##### Provided records #####

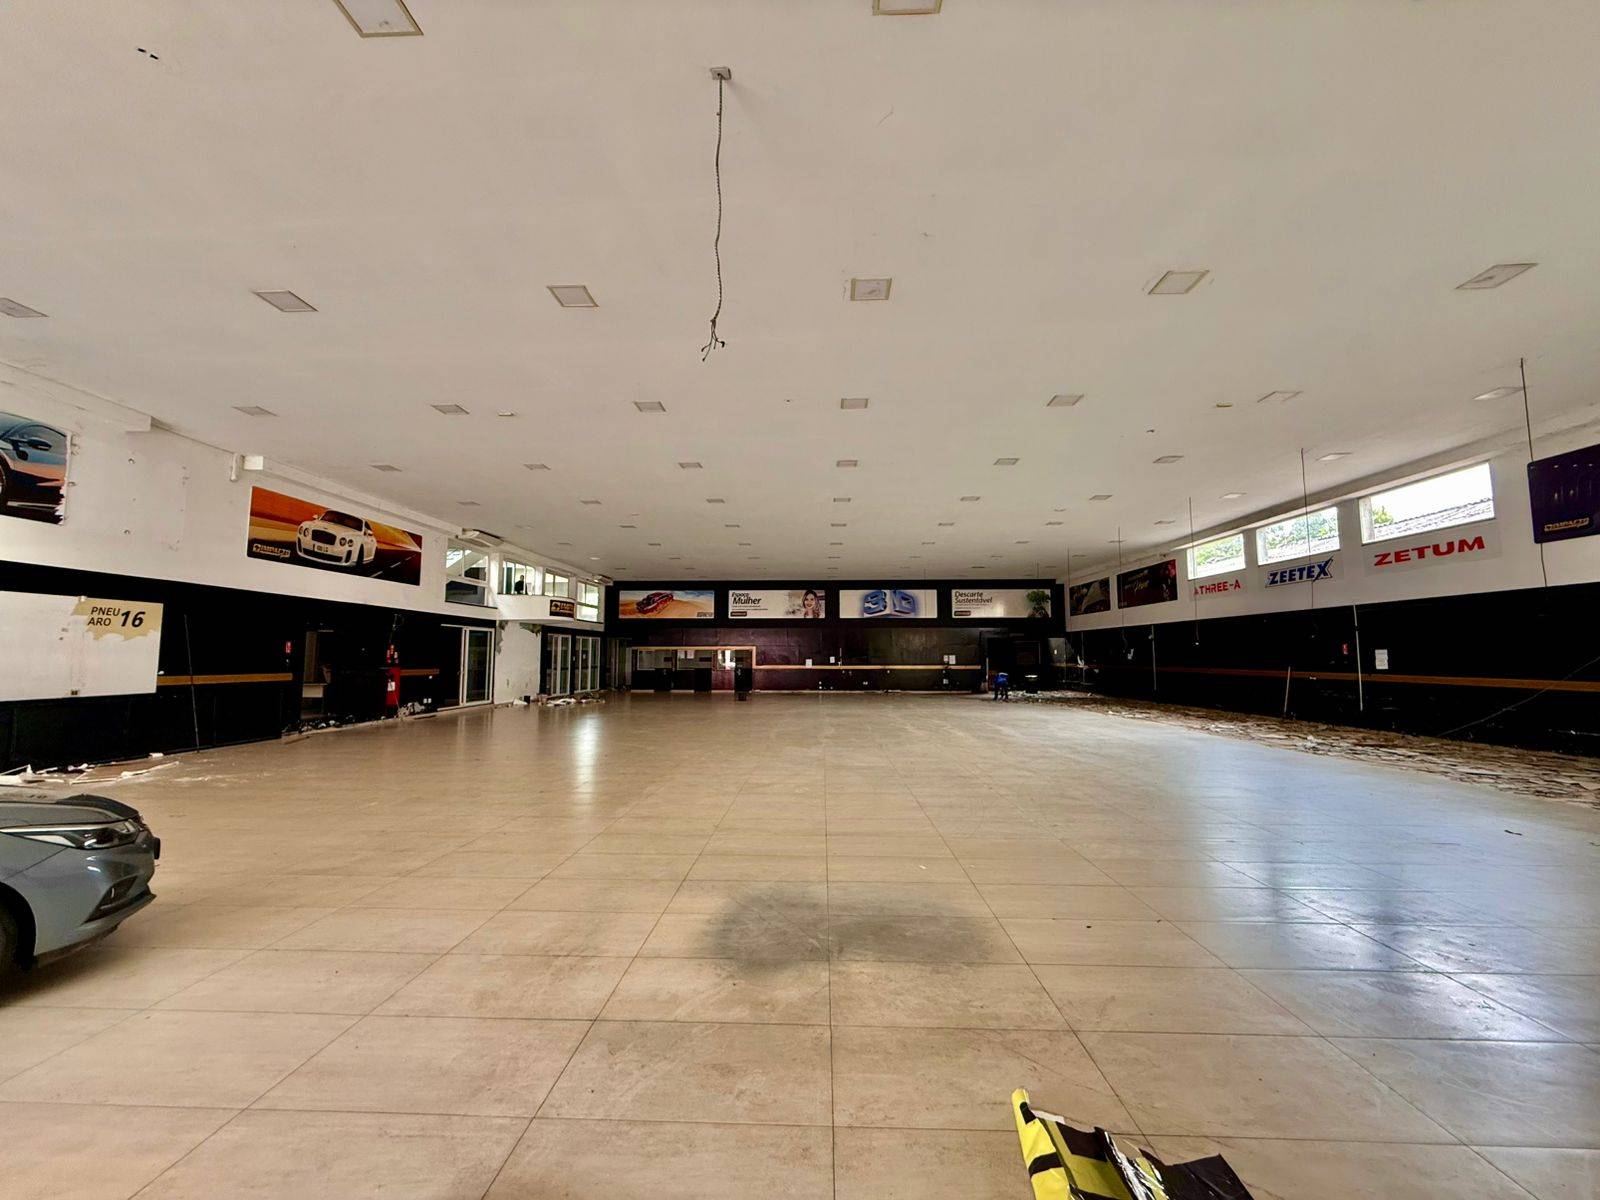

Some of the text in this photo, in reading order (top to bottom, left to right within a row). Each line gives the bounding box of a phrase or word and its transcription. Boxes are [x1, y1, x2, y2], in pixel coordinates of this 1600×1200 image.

[1374, 536, 1485, 566] ZETUM
[1268, 556, 1333, 585] ZEETEX
[1199, 580, 1241, 595] THREE-A
[732, 596, 761, 604] Mulher
[91, 606, 121, 616] PNEU
[121, 610, 146, 627] 16
[87, 617, 112, 627] ARO
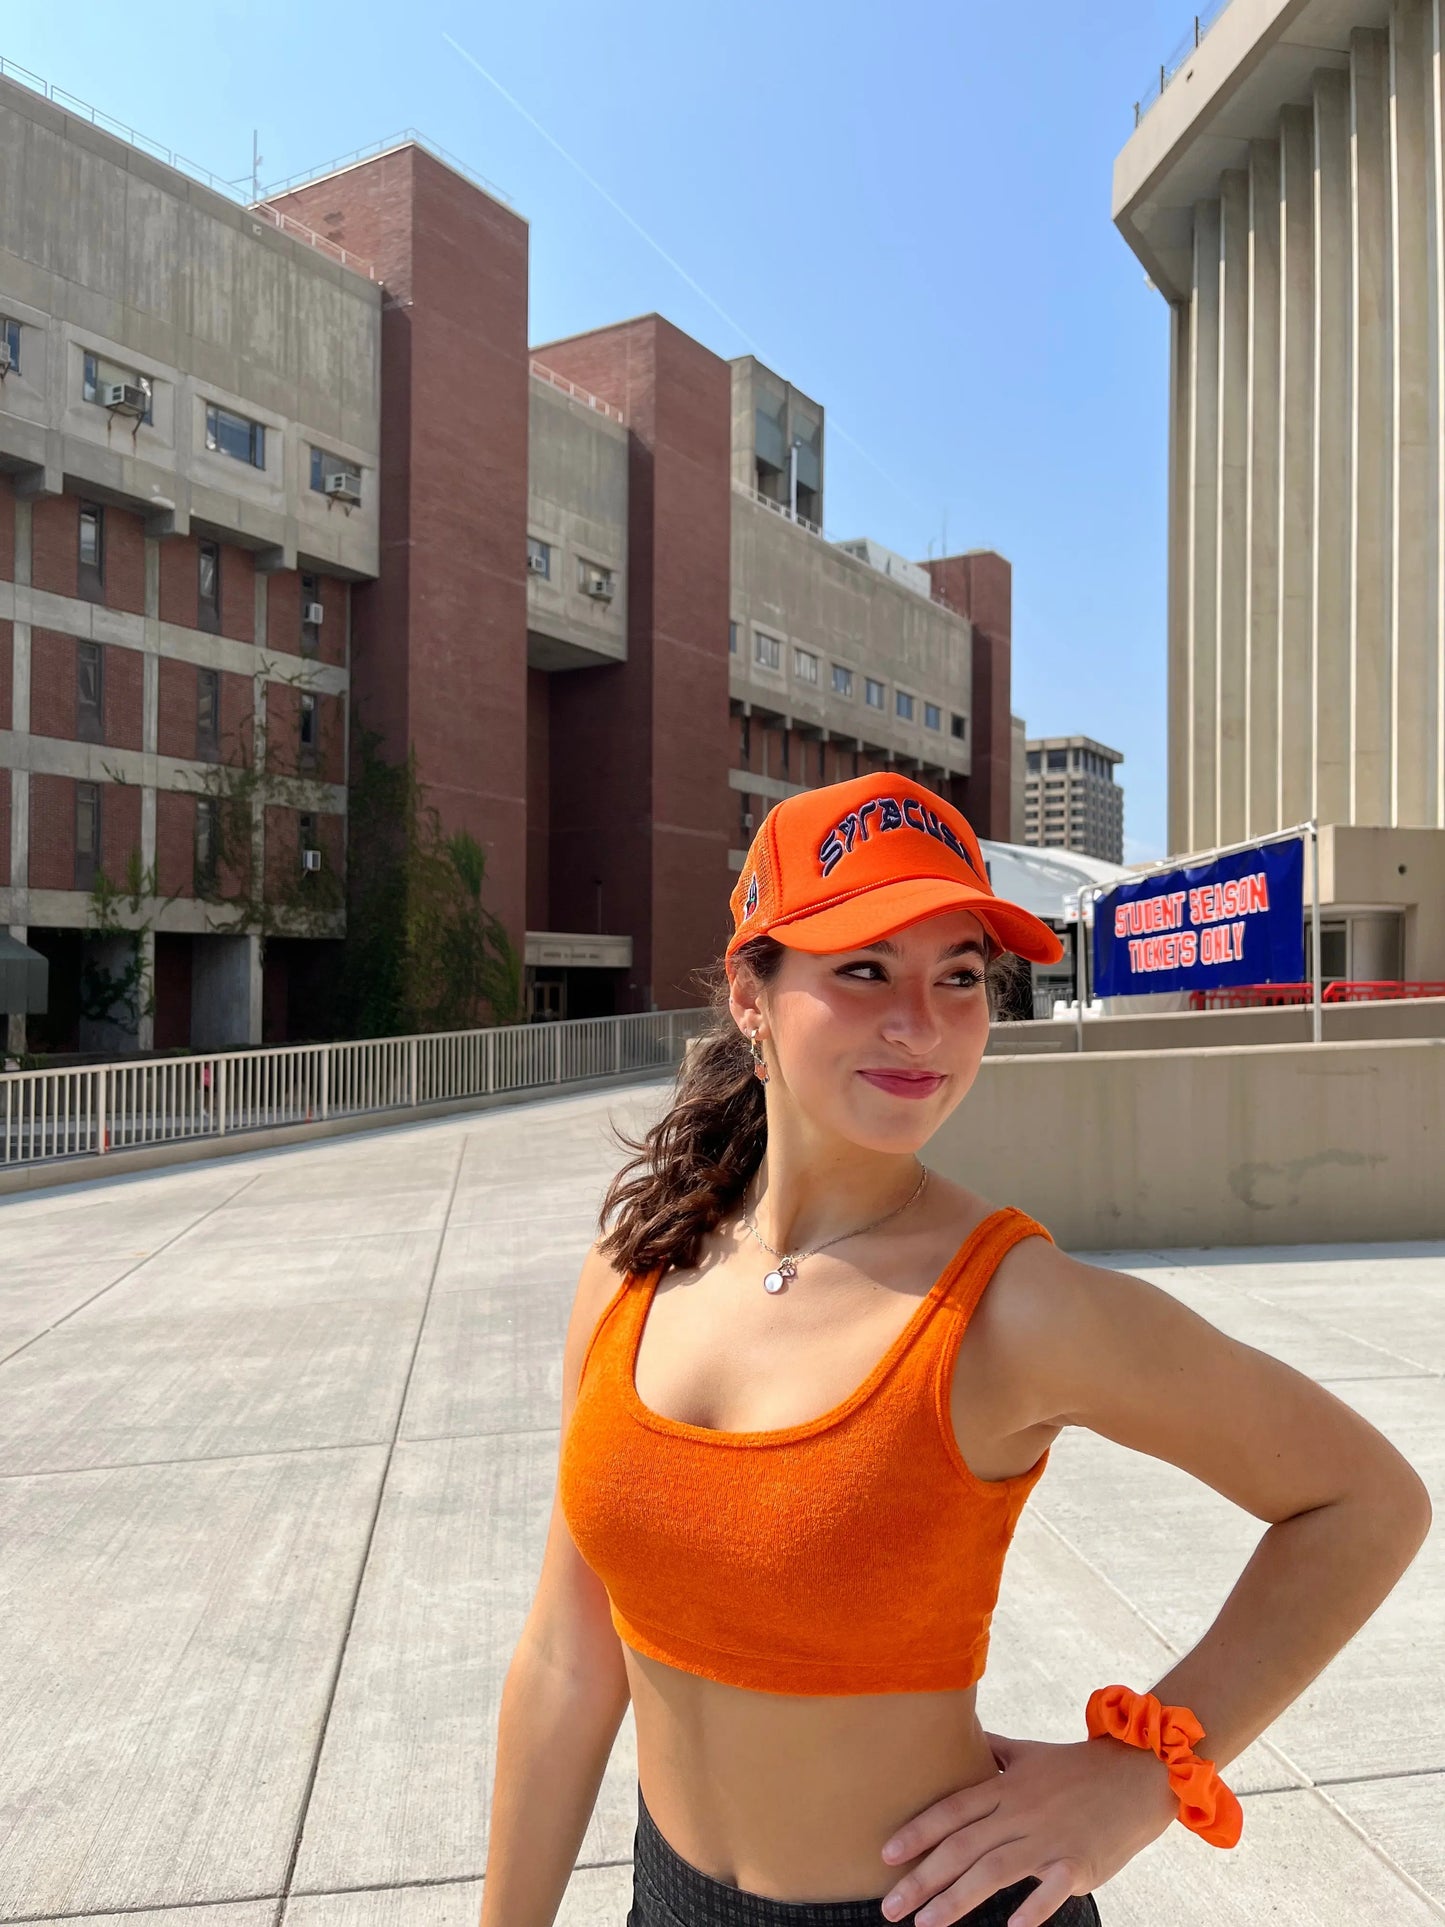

#####

Task details | Every line above gets copied exactly; none of the pictures do.

Task output |
Some of the text in this photo, in reading order (top to bottom, left to right within a row). Each line gives the bounding box of a phrase or word and its transcription. Boxes are [x1, y1, x2, y2], in pixel coordinates of this 1600×1200 image.

[1374, 536, 1485, 566] ZETUM
[1268, 556, 1333, 585] ZEETEX
[1199, 580, 1241, 595] THREE-A
[732, 596, 761, 604] Mulher
[91, 606, 121, 616] PNEU
[121, 610, 146, 627] 16
[87, 617, 112, 627] ARO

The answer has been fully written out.